“Pusillanimus” means “lacking courage and resolution; marked by contemptible timidity.”
I had to look that up. So Garry Wills has expanded my vocabulary. The rest of his New York Review of Books essay, “Contraception’s Con Men” is also educational:
Pusillanimous Catholics — Mark Shields and even, to a degree, the admirable E. J. Dionne — are saying that Catholics understandably resent an attack on “their” doctrine (even though they do not personally believe in it). Omnidirectional bad-faith arguments have clustered around what is falsely presented as a defense of “faith.” The layers of ignorance are equaled only by the willingness of people “of all faiths” to use them for their own purposes. Consider just some of the layers:
The Phony Religious Freedom Argument
The bishops’ opposition to contraception is not an argument for a “conscience exemption.” It is a way of imposing Catholic requirements on non-Catholics. This is religious dictatorship, not religious freedom.

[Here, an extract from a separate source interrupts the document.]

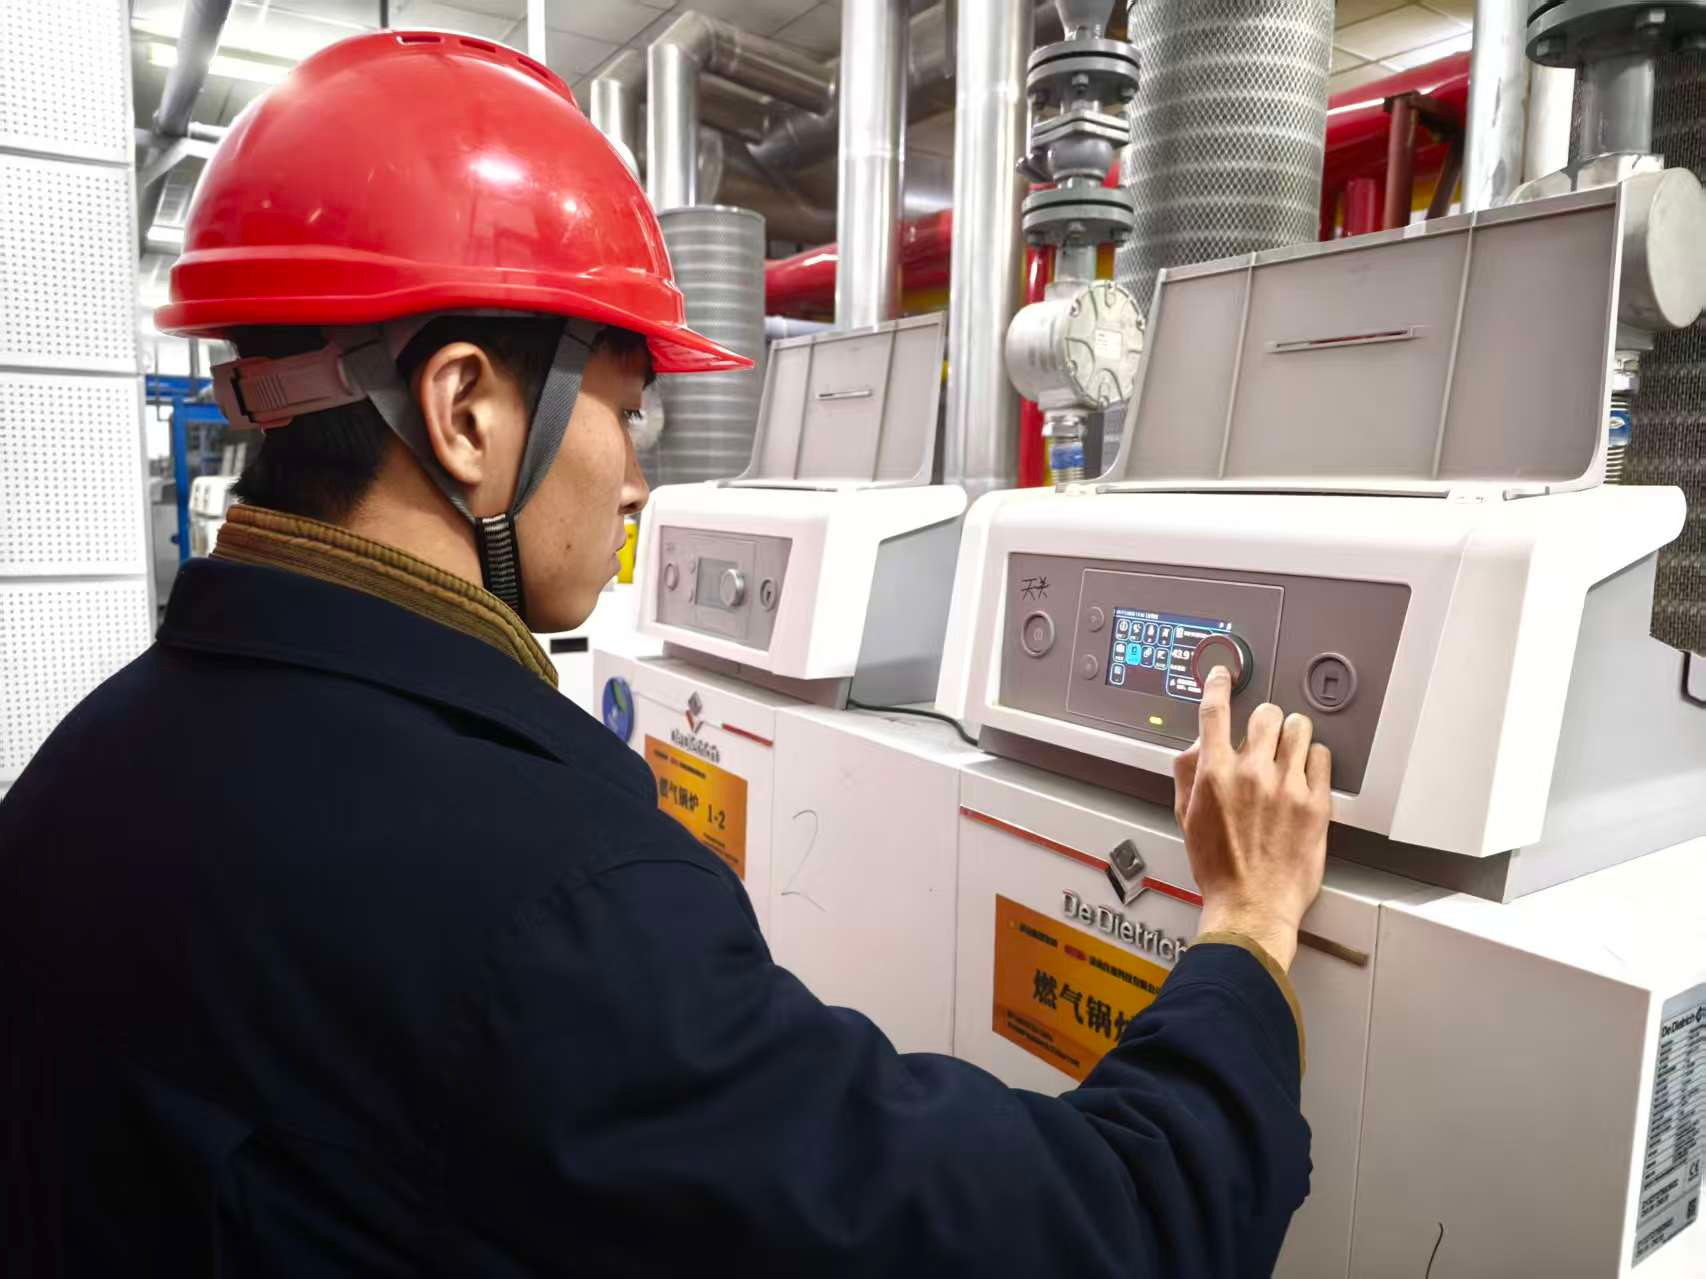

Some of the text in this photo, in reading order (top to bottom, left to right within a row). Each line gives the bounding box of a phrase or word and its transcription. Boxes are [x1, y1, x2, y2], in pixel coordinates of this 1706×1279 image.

Contraception is not even a religious matter. Nowhere in Scripture or the Creed is it forbidden. Catholic authorities themselves say it is a matter of “natural law,” over which natural reason is the arbiter — and natural reason, even for Catholics, has long rejected the idea that contraception is evil. …
The Phony “Church Teaches” Argument
Catholics who do not accept the phony argument over contraception are said to be “going against the teachings of their church.” That is nonsense. They are their church. The Second Vatican Council defines the church as “the people of God.” Thinking that the pope is the church is a relic of the days when a monarch was said to be his realm. The king was “Denmark.” Catholics have long realized that their own grasp of certain things, especially sex, has a validity that is lost on the celibate male hierarchy. This is particularly true where celibacy is concerned.

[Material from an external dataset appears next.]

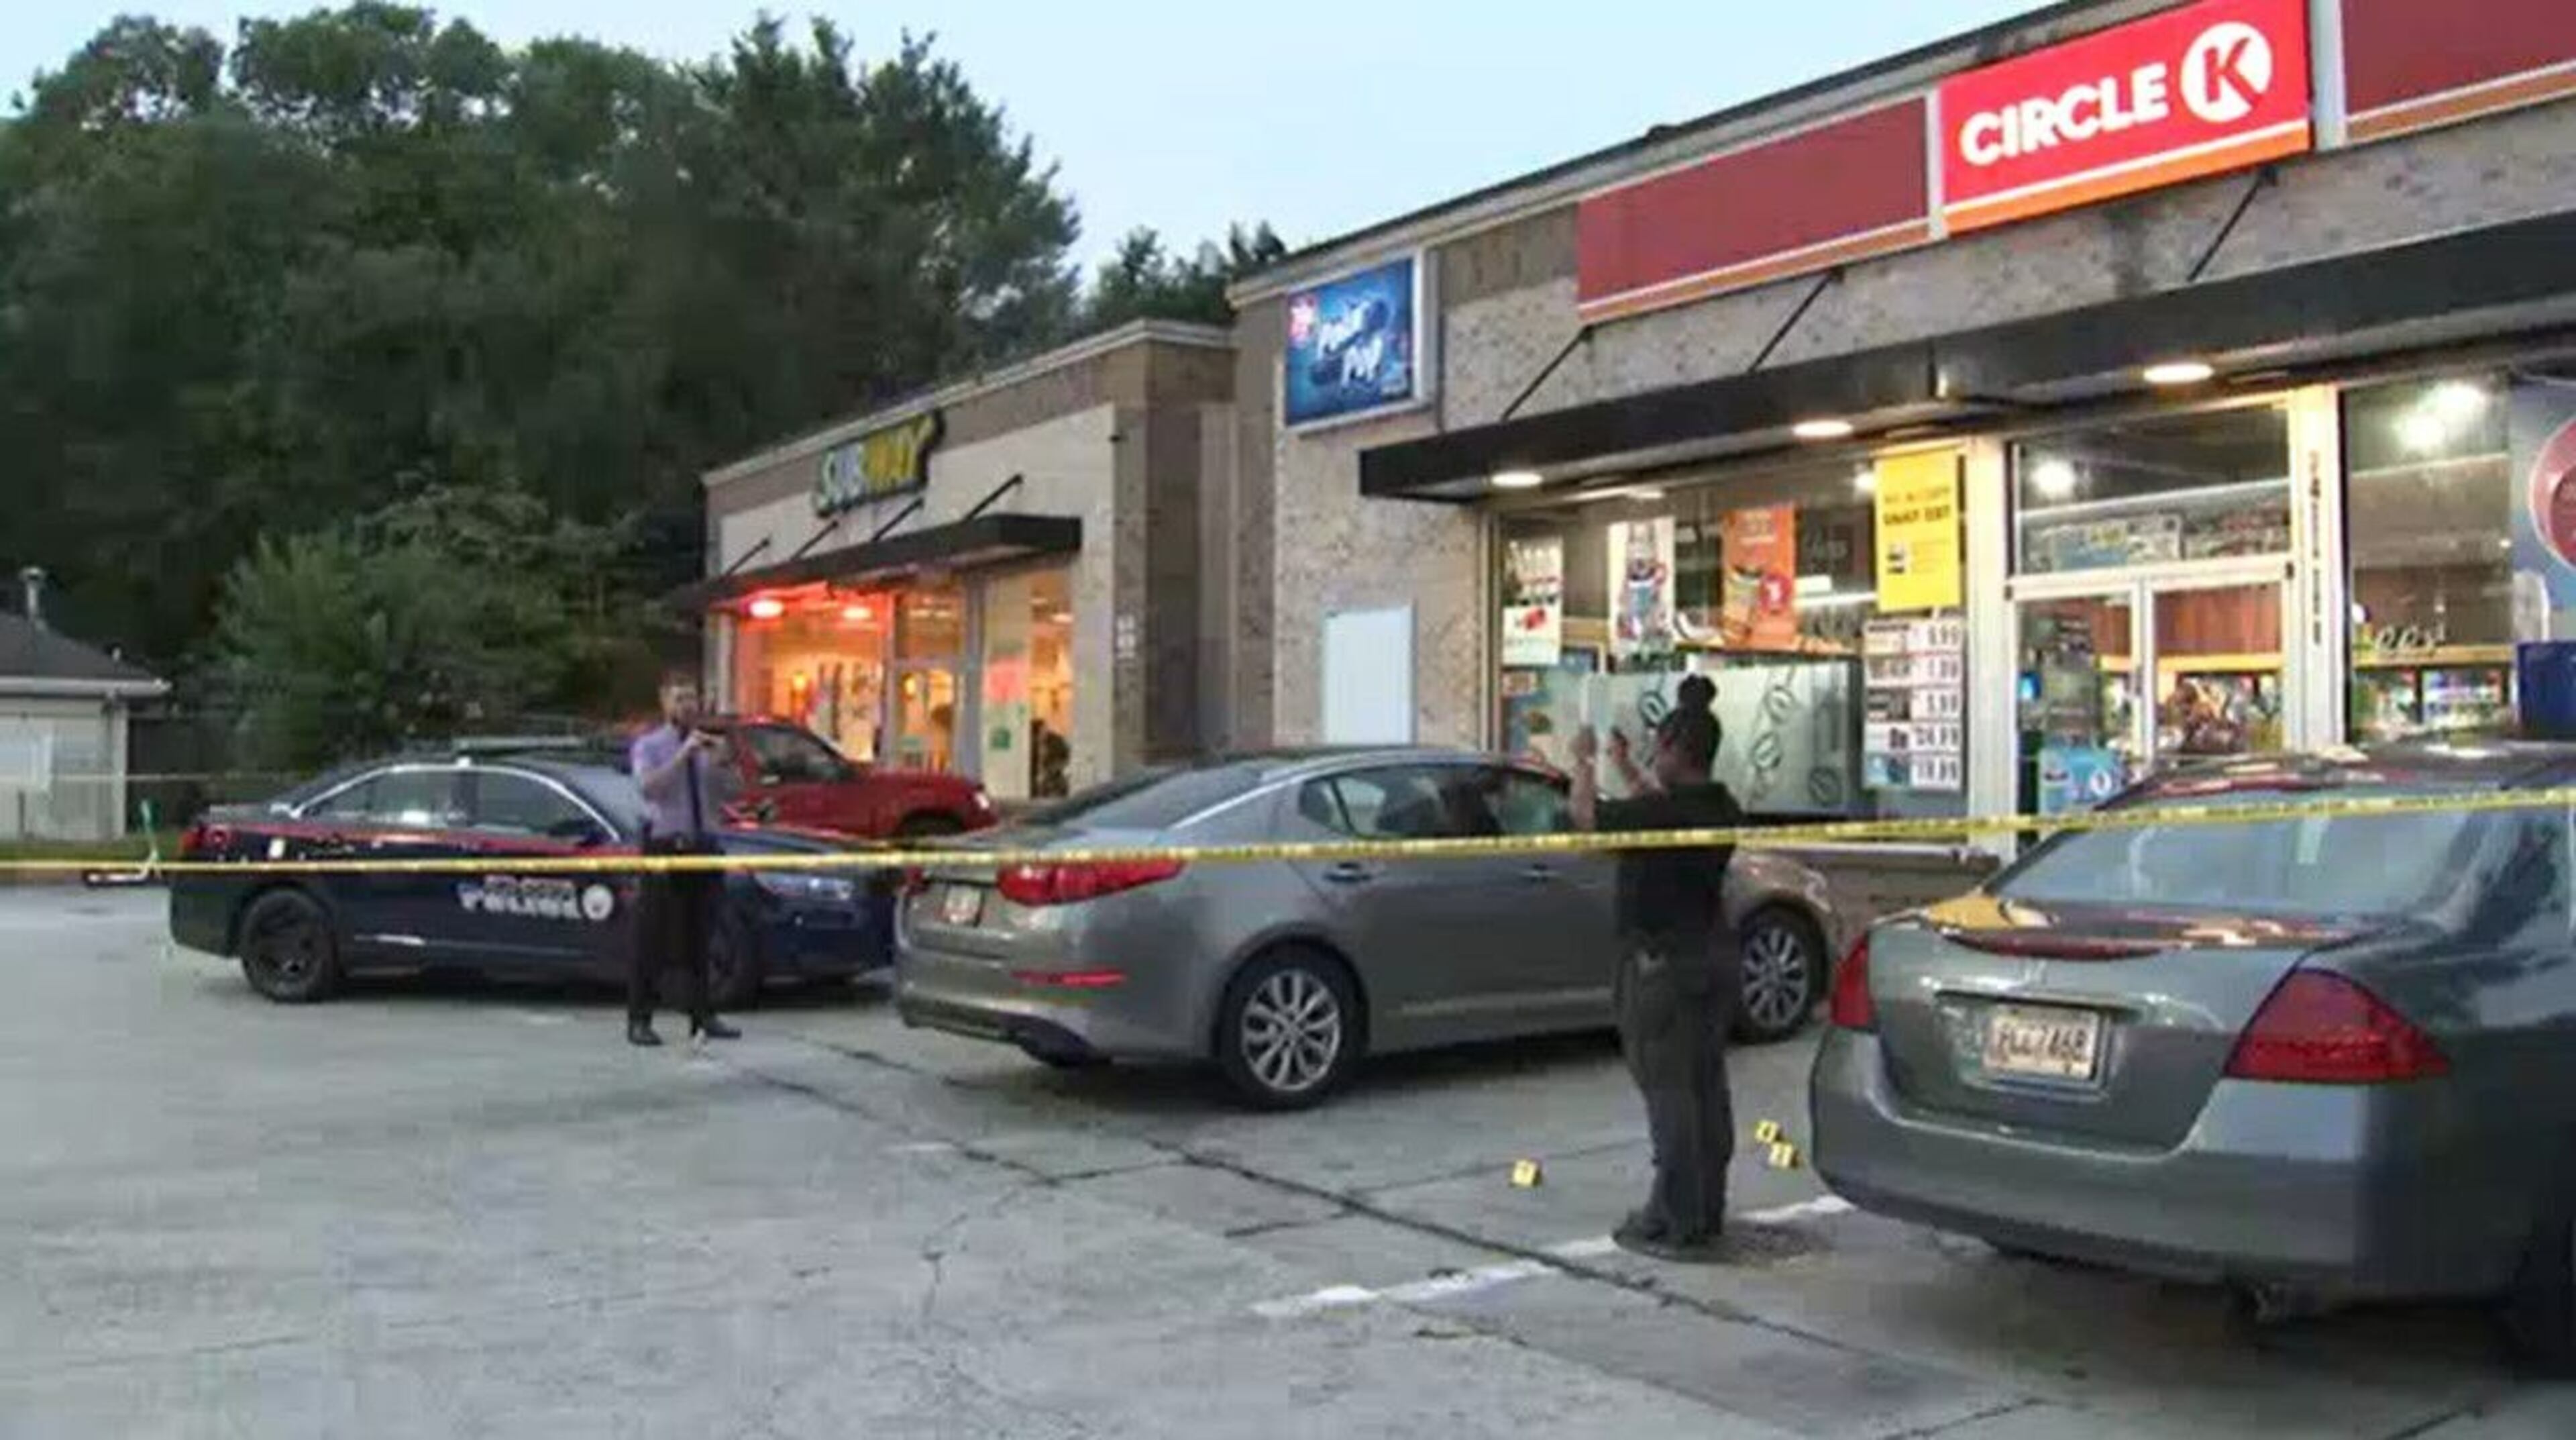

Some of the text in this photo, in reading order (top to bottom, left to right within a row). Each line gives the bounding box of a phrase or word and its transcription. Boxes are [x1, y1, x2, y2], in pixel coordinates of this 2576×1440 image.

[1960, 34, 2269, 166] CIRCLE K
[820, 413, 934, 507] SUBWAY

There was broad disagreement with Pius XI’s 1930 encyclical on the matter. Pope Paul VI set up a study group of loyal and devout Catholics, lay and clerical, to make recommendations. The group overwhelmingly voted to change the teaching of Pius XI. But cardinals in the Roman Curia convinced Paul that any change would suggest that the church’s teachings are not eternal (though Casti Connubii had not been declared infallible, by the papacy’s own standards).

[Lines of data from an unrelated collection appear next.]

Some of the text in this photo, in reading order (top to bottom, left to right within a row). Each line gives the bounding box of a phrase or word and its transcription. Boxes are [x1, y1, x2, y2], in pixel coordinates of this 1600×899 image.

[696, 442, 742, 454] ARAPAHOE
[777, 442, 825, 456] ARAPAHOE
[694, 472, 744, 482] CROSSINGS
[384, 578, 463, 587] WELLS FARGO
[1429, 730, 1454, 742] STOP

When Paul reaffirmed the ban on birth control in Humanae Vitae (1968) there was massive rejection of it. Some left the church. Some just ignored it. Paradoxically, the document formed to convey the idea that papal teaching is inerrant just convinced most people that it can be loony. The priest-sociologist Andrew Greeley said that Humanae Vitae did more damage to the papacy than any of the so-called “liberal” movements in Catholicism. When Pius IX condemned democracy and modern science in his Syllabus of Errors (1864), the Catholic historian Lord Acton said that Catholics were too sensible to go crazy every time a pope does. The reaction to Humanae Vitae proves that.